Task brief | Write out the data again exactly, skipping every picture.

Exercise materials |
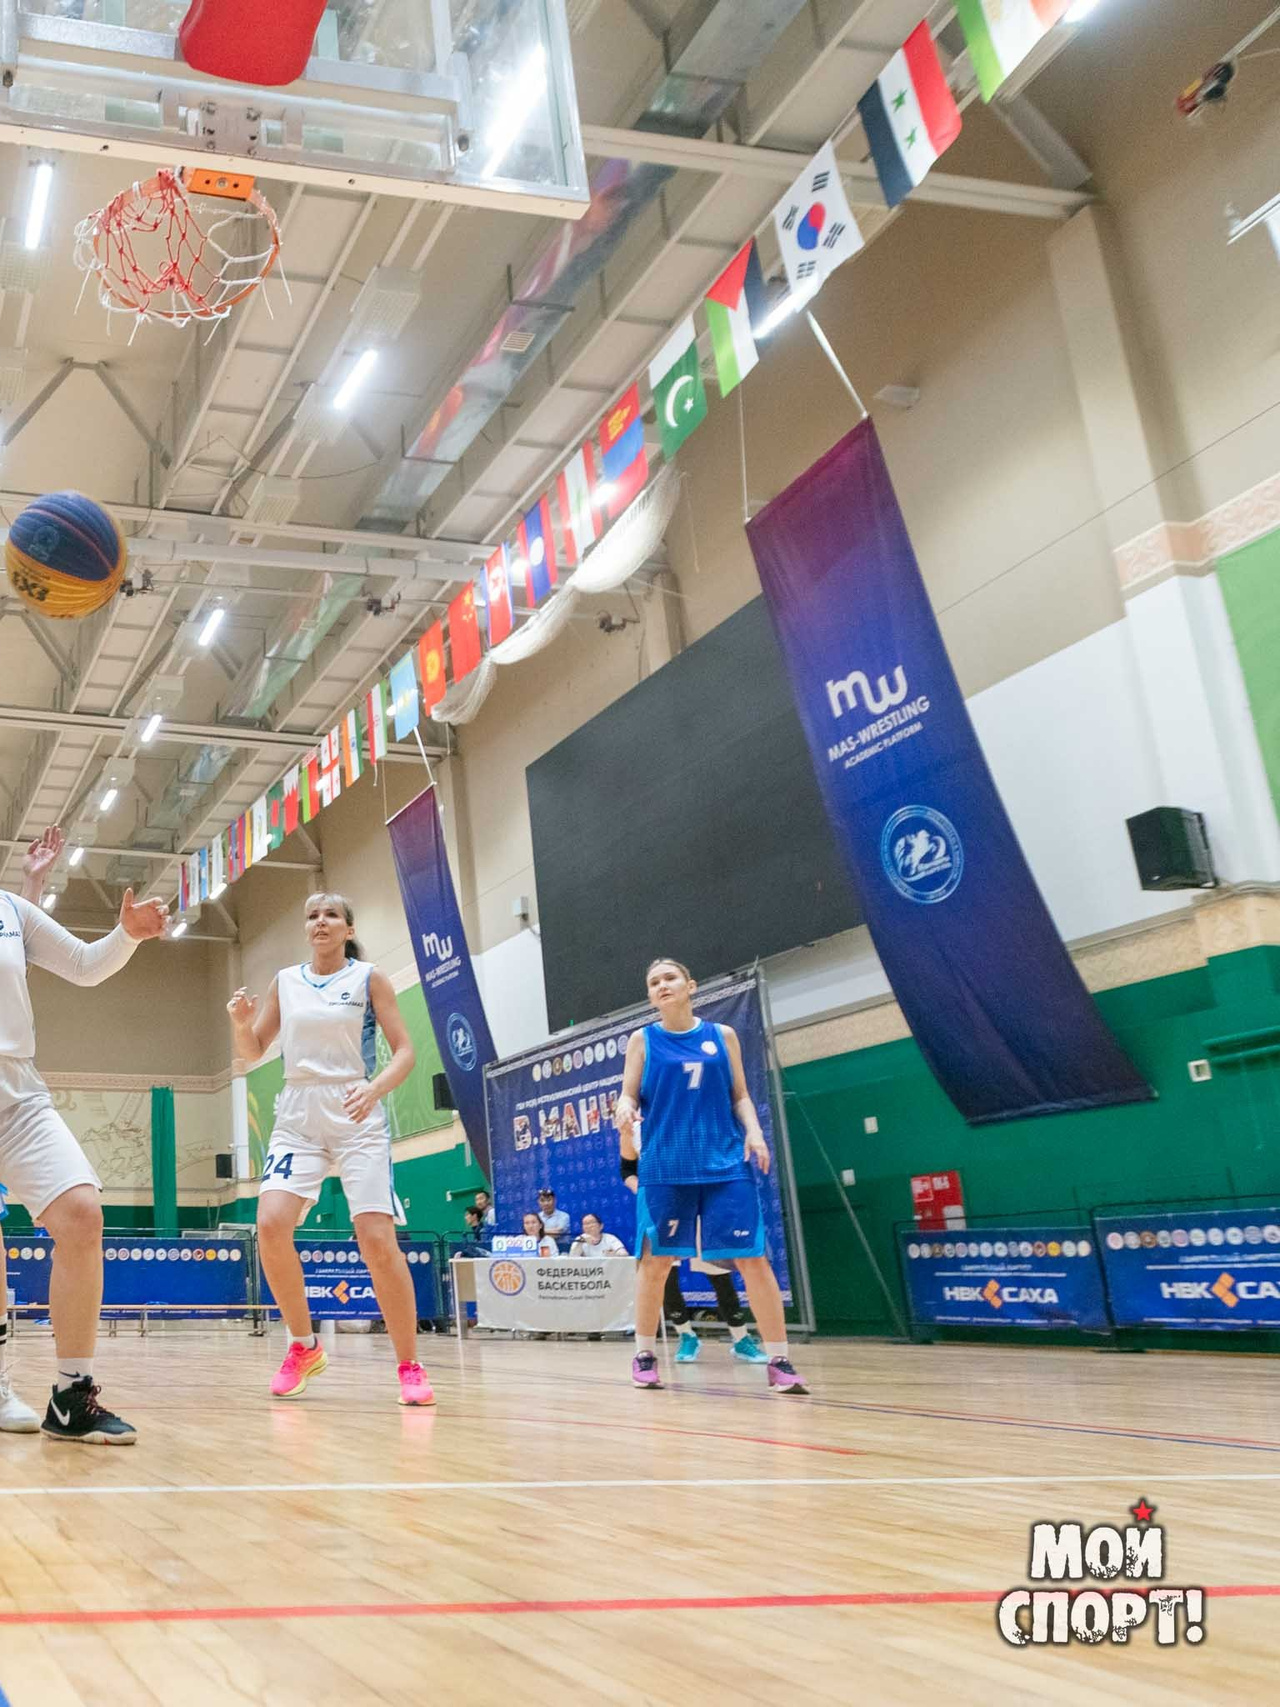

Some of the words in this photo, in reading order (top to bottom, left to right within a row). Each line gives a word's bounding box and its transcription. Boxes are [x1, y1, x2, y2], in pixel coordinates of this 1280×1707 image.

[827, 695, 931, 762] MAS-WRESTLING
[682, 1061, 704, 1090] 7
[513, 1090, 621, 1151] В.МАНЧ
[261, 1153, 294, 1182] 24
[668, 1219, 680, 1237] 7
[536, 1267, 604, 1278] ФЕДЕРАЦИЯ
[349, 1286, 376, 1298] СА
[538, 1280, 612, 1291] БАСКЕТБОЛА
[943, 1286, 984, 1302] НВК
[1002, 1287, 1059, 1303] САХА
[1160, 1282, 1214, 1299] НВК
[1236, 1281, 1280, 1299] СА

Response to the exercise |
Some of the words in this photo, in reading order (top to bottom, left to right within a row). Each line gives a word's bounding box and its transcription. Boxes are [x1, y1, x2, y2], in pixel coordinates of this 1280×1707 image.

[827, 695, 931, 762] MAS-WRESTLING
[682, 1061, 704, 1090] 7
[513, 1090, 621, 1151] В.МАНЧ
[261, 1153, 294, 1182] 24
[668, 1219, 680, 1237] 7
[536, 1267, 604, 1278] ФЕДЕРАЦИЯ
[349, 1286, 376, 1298] СА
[538, 1280, 612, 1291] БАСКЕТБОЛА
[943, 1286, 984, 1302] НВК
[1002, 1287, 1059, 1303] САХА
[1160, 1282, 1214, 1299] НВК
[1236, 1281, 1280, 1299] СА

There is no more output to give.